Introduction

"My interview at a company well known for its hard and puzzling questions was a joke after this class."

—Boris, a graduate of my puzzle class at NYU

Some people, like me, love puzzles. Others feel they must study puzzles to succeed at job interviews. I've written this book for both. You'll find here some kick-ass puzzles, but I also take you on a kind of tutorial tour of problem solving techniques to help you face new puzzle challenges. Oh, and then there's the possibility of a prize if you solve the superhard puzzles at the end.
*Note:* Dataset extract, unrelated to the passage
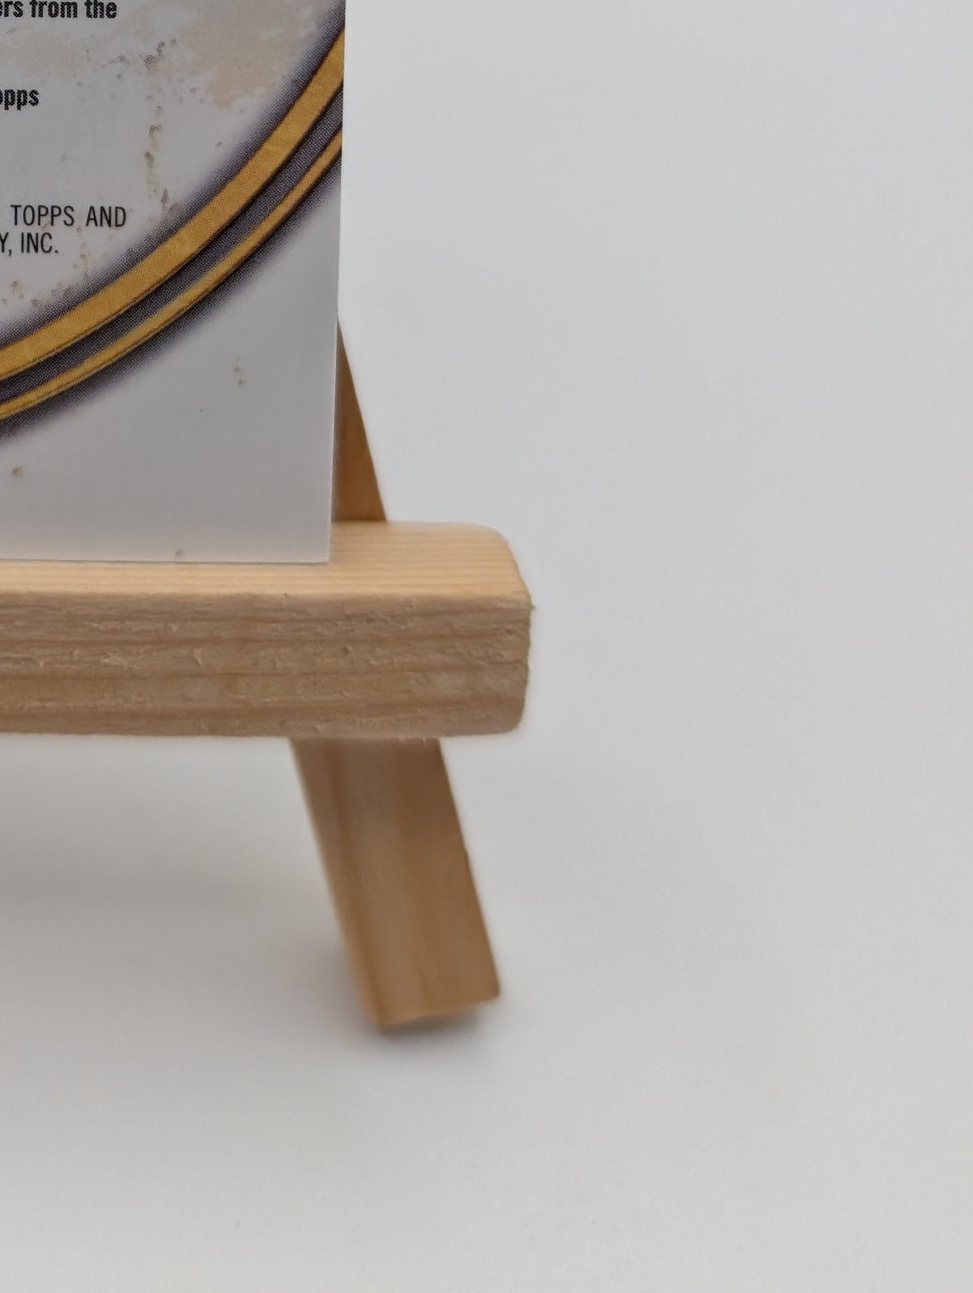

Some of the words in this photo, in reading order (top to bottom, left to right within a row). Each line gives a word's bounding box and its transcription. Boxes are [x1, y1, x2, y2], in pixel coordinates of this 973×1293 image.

Puzzles as an interviewing tool have many detractors. Criticism often comes down to the implausibility of a puzzle scenario in which, say, a perfectly logical person is mute and refuses to write. Now, I admit to having written such puzzles, but most of my puzzles come from real problems (e.g., occasionally failing hardware being modeled by occasional liars). In my own research, I try to abstract the problem at hand to a puzzle, in the hopes that I can understand the fundamental issues and take care of the window dressing later. It works pretty well. So, to me, puzzles, especially the right kinds of puzzles, provide a tunnel into scientific and engineering insight.

So why do I write puzzles for other people? First, because they're fun. Second, because they exercise the brain in a useful way. In the puzzle course that Boris talks about in the epigraph, students write programs every week. The programs compete (each having two minutes to run) ...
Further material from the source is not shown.